La première partie de votre question me permet de revenir à la première partie de la question de Monsieur Rosenzweig à laquelle je n’ai pas répondu qui concernait l’après-SFOR. Là, en effet, les positions sont de plus en plus convergentes. Il y a un travail en commun qui avance dans de bonnes conditions. L’analyse politique est de plus en plus convergente et les travaux techniques avancent bien. D’ailleurs, vous le verrez toute cette journée. Pourquoi ? Parce que tous les pays engagés dans cette affaire considèrent que la SFOR ne peut pas s’arrêter comme cela, que les accords de Dayton ont donné de bons résultats, en ce qui concerne la sécurité, mais que, en ce qui concerne la dimension politique et institutionnelle, beaucoup reste à faire. J’ai encore vérifié sur place avec Klaus Kinkel l’autre jour à quel point tout cela restait très fragile. Donc, tous les pays sont arrivés à la conclusion que, s’ils se retiraient maintenant, les conséquences pourraient être extrêmement mauvaises. Il faut rester, il faut inventer quelque chose pour l’après-SFOR, et cette idée est à peu près acquise aujourd’hui. Pas tout à fait formellement, mais cette idée est à peu près acquise. Il reste à savoir comment. Les principes sont clairs. Il faut que l’ensemble des pays engagés aujourd’hui restent engagés demain, et ceci avec égalité de responsabilités et de risques, puisqu’il y a des responsabilités. Il faut que les Européens, les Américains et les autres, soient toujours engagés demain dans ces processus, et c’est là que l’on rentre dans la discussion technique sur les types de forces dont a besoin, les types de missions. Les choses avancent bien. Je suis encouragé par la façon dont les esprits ont évolué ces dernières semaines. Nous n’en sommes plus à l’époque où l’on se demandait s’il y aurait quelque chose après ou pas et si tous les pays seraient là ensemble. Je crois que l’on peut considérer que l’on va atteindre cet objectif. Il s’agit de savoir maintenant, sous quelle forme, avec quels chiffres et quelle répartition.

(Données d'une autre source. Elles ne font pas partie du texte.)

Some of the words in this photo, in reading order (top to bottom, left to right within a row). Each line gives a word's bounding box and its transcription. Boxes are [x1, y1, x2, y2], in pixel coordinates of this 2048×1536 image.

Question : Qu’est-ce que vous pensez de l’hommage appuyé de Madame Albright aux gendarmes qui pourraient prendre en partie la relève ?

Hubert Védrine : Je suis très content que Madame Albright rende hommage à ce concept original et très français qui est celui de la gendarmerie. Je prends cela très bien, mais cela ne m’empêche pas de préciser, malgré tout, que cela ne veut pas dire que c’est à la France d’assumer seule cette éventuelle fonction pour la Bosnie.

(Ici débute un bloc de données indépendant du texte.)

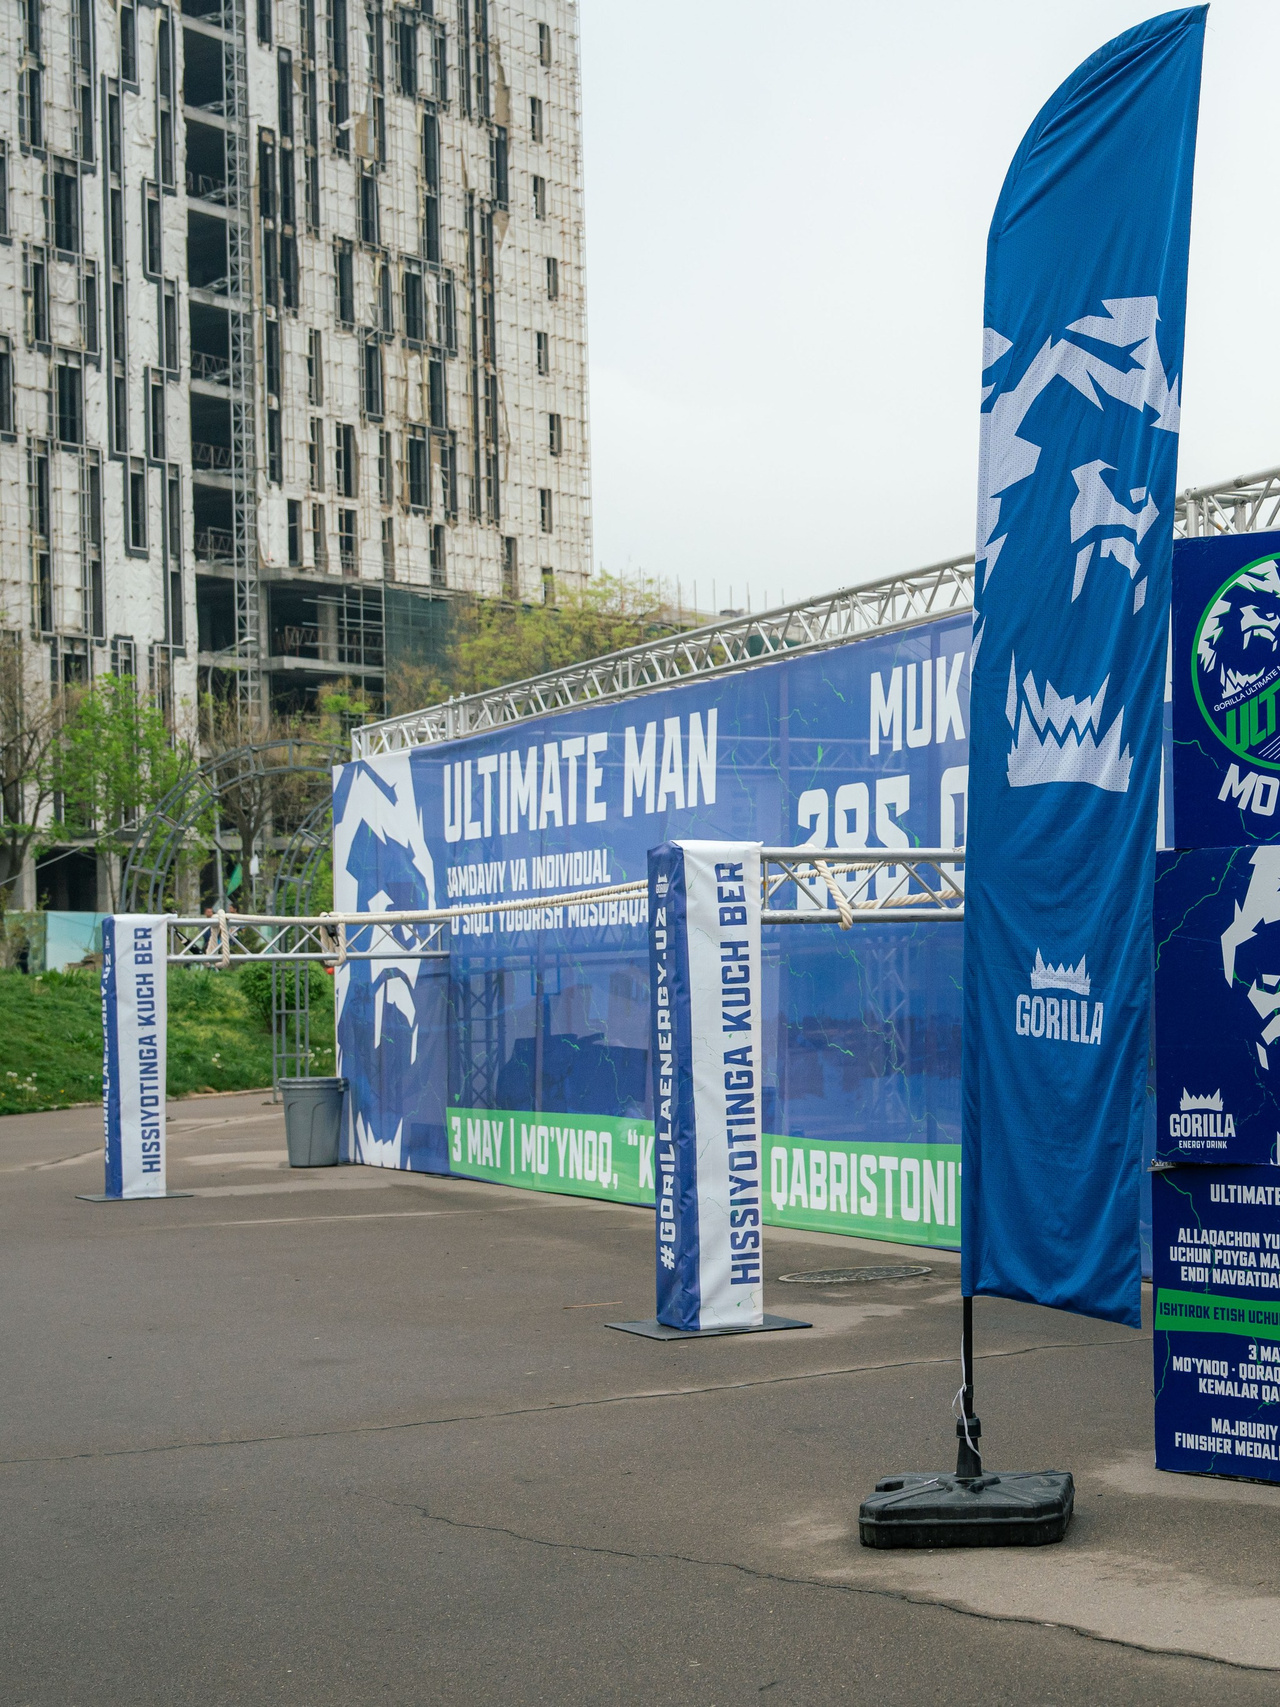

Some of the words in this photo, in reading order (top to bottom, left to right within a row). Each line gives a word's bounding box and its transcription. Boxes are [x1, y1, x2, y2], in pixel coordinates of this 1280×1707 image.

[869, 651, 966, 756] MUK
[1213, 692, 1246, 712] GORILLA
[1245, 670, 1278, 696] ULTIMATE
[443, 731, 608, 843] ULTIMATE
[623, 707, 718, 818] MAN
[796, 774, 910, 910] 285
[509, 858, 528, 892] VA
[532, 848, 612, 890] INDIVIDUAL
[449, 901, 494, 937] O'SIQLI
[497, 895, 564, 933] YUGURISH
[567, 887, 649, 928] MUSOBAQA
[715, 860, 749, 927] BER
[134, 926, 153, 966] BER
[135, 972, 157, 1028] KUCH
[719, 940, 753, 1033] KUCH
[1015, 993, 1104, 1045] GORILLA
[139, 1033, 161, 1174] HISSIYOTINGA
[655, 906, 677, 1271] #GORILLAENERGY.UZ
[451, 1116, 462, 1163] 3
[466, 1118, 504, 1168] MAY
[1169, 1113, 1237, 1138] GORILLA
[1178, 1139, 1206, 1149] ENERGY
[1206, 1140, 1228, 1149] DRINK
[723, 1045, 760, 1286] HISSIYOTINGA
[1169, 1246, 1212, 1265] UCHUN
[1214, 1250, 1257, 1268] POYGA
[1177, 1227, 1261, 1249] ALLAQACHON
[1180, 1265, 1210, 1283] ENDI
[1159, 1302, 1211, 1320] ISHTIROK
[1213, 1306, 1246, 1323] ETISH
[1248, 1344, 1258, 1361] 3
[1198, 1377, 1259, 1400] KEMALAR
[1174, 1431, 1232, 1455] FINISHER
[1210, 1417, 1279, 1442] MAJBURIY

Question : Avec les Carabinieri et la Garde civile ?

Hubert Védrine : On peut réfléchir, on peut travailler à partir d’un concept de ce type, mais il faut que tous les pays y participent. Comme je le disais tout à l’heure, il faut que les pays partagent et les risques et les responsabilités. On voit bien ce que Madame Albright veut dire : c’est une sorte de fonction qui est à mi-chemin entre la police classique, et les fonctions militaires. Donc pourquoi pas ? On peut réfléchir. D’un autre côté, il ne faut pas perdre de vue non plus, que nous ne pouvons pas être en Bosnie sans limite dans le temps. Naturellement on ne peut pas partir à la date à laquelle la SFOR s’achève. Mais en même temps, cela ne peut pas être sans fin. Donc, il faut avoir des équipes de présence et des équipes de force qui s’inscrivent dans un processus, qui est celui des accords de Dayton, dans lesquels les différents responsables bosniaques prennent en charge le destin de ce pays.

Question : Au sujet de l’élargissement, est-ce qu’il y a eu des nominations de pays pour la nouvelle vague… ? La France a proposé la Roumanie et la Slovénie.

Hubert Védrine : Je ne peux pas vous faire un commentaire de synthèse parce que je ne connais pas toutes les interventions. Ce que je peux vous dire, c’est qu’au nom de la France j’ai rappelé les positions qui avaient été prises par le président de la République à Madrid. Donc j’ai rappelé les engagements pris dans le communiqué de Madrid en ce qui concerne la Roumanie et la Slovénie, et j’y ai ajouté un commentaire positif sur les efforts faits par la Bulgarie. Mais je ne peux vous répondre que pour la France.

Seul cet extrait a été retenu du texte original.